[Opening Input material section]

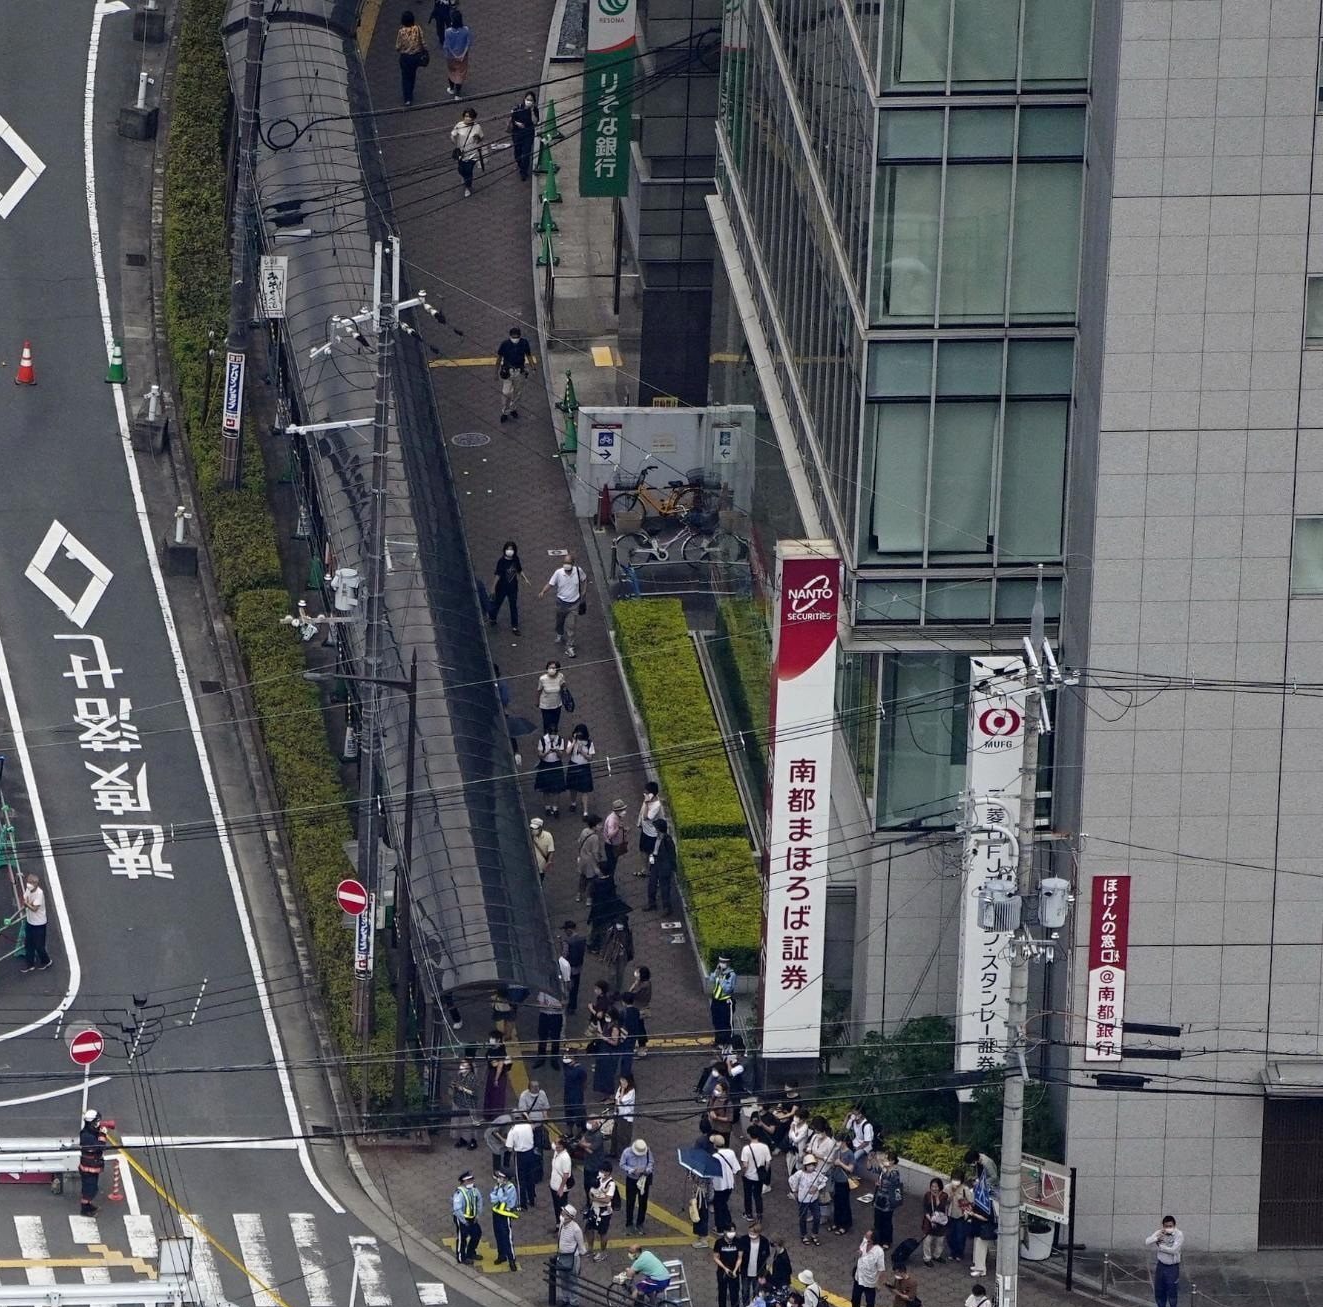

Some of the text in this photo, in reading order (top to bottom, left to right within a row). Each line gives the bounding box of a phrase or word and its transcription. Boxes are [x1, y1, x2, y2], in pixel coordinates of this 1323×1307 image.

[595, 73, 620, 178] りそな銀行
[788, 589, 833, 599] NANTO
[54, 634, 175, 880] 速度落せ
[985, 740, 1012, 749] MUFG
[781, 758, 817, 990] 南都まほろば証券
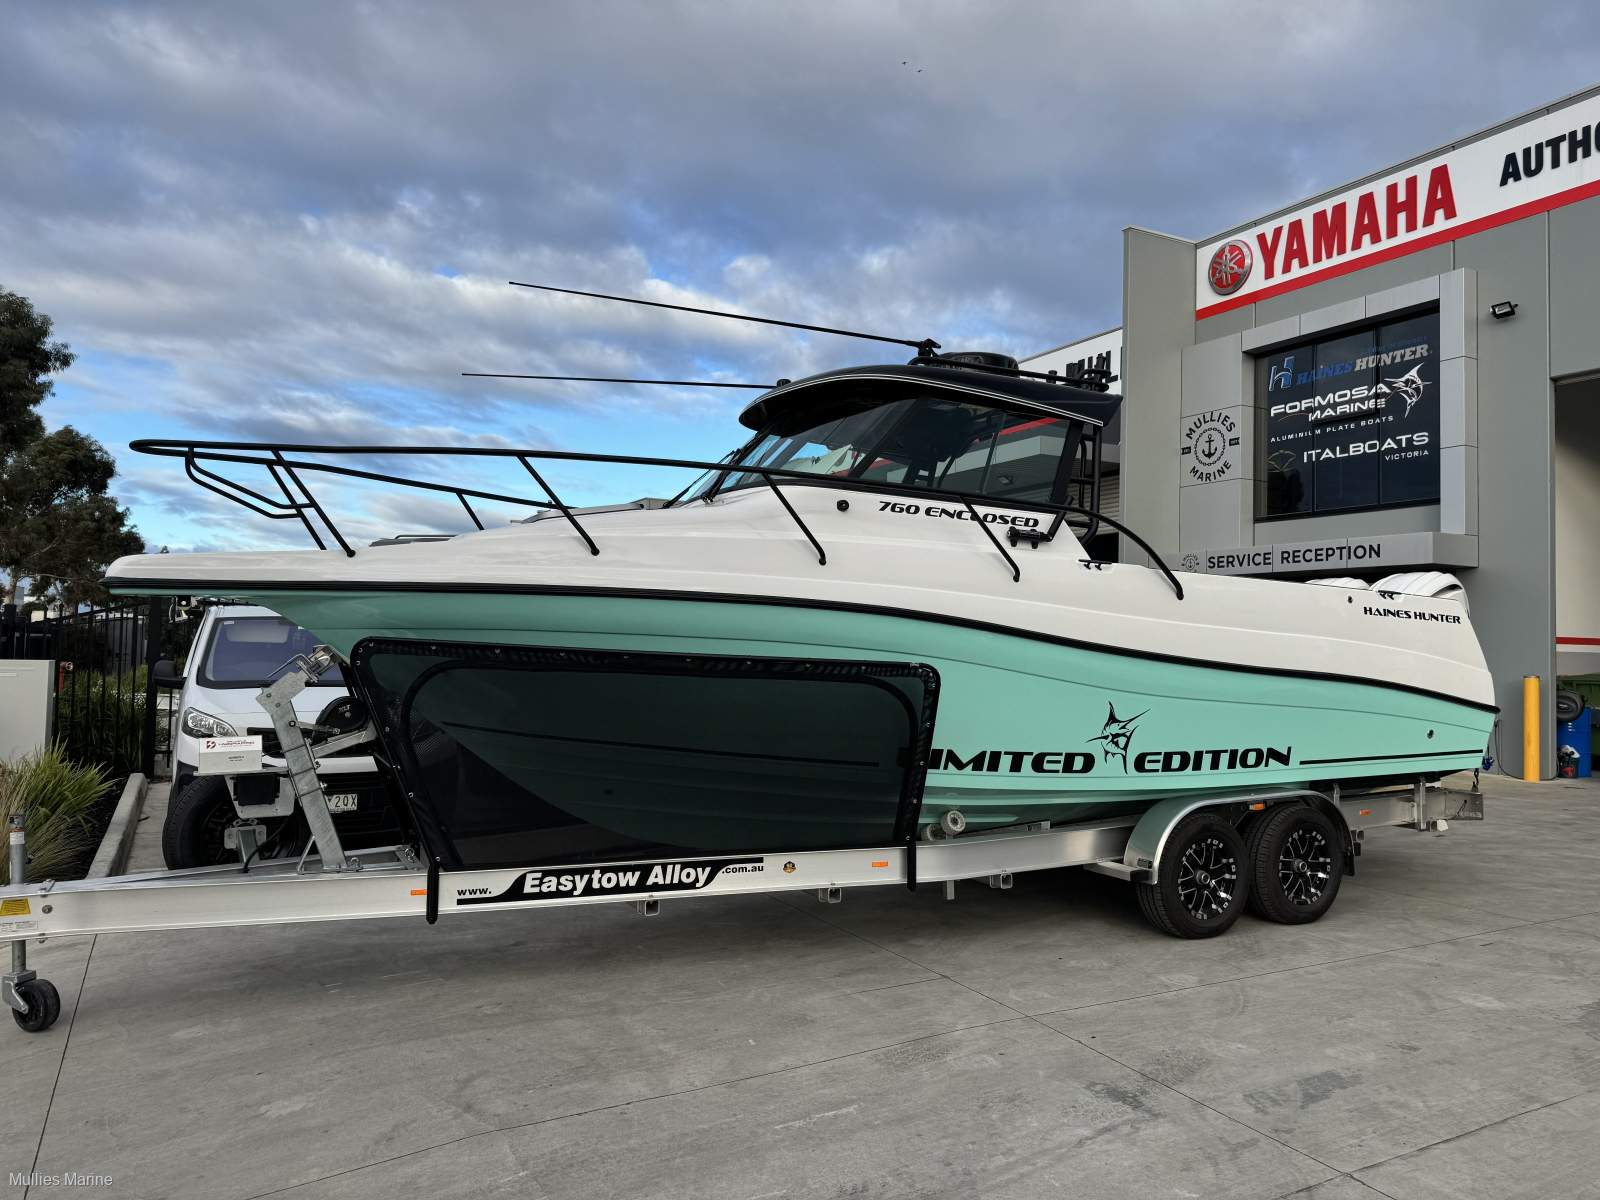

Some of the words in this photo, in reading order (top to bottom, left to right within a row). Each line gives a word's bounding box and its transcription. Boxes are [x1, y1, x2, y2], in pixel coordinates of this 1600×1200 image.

[Closing Input material section]

▶ [Work to be completed]:
Repeat all the material above exactly, apart from the pictures.

▶ [Your solution]:
Some of the text in this photo, in reading order (top to bottom, left to right within a row). Each line gives the bounding box of a phrase or word and its transcription. Boxes are [x1, y1, x2, y2], in pixel coordinates of this 1323×1307 image.

[595, 73, 620, 178] りそな銀行
[788, 589, 833, 599] NANTO
[54, 634, 175, 880] 速度落せ
[985, 740, 1012, 749] MUFG
[781, 758, 817, 990] 南都まほろば証券

Some of the words in this photo, in reading order (top to bottom, left to right within a row). Each line gives a word's bounding box and its transcription. Boxes are [x1, y1, x2, y2], in pixel coordinates of this 1600×1200 image.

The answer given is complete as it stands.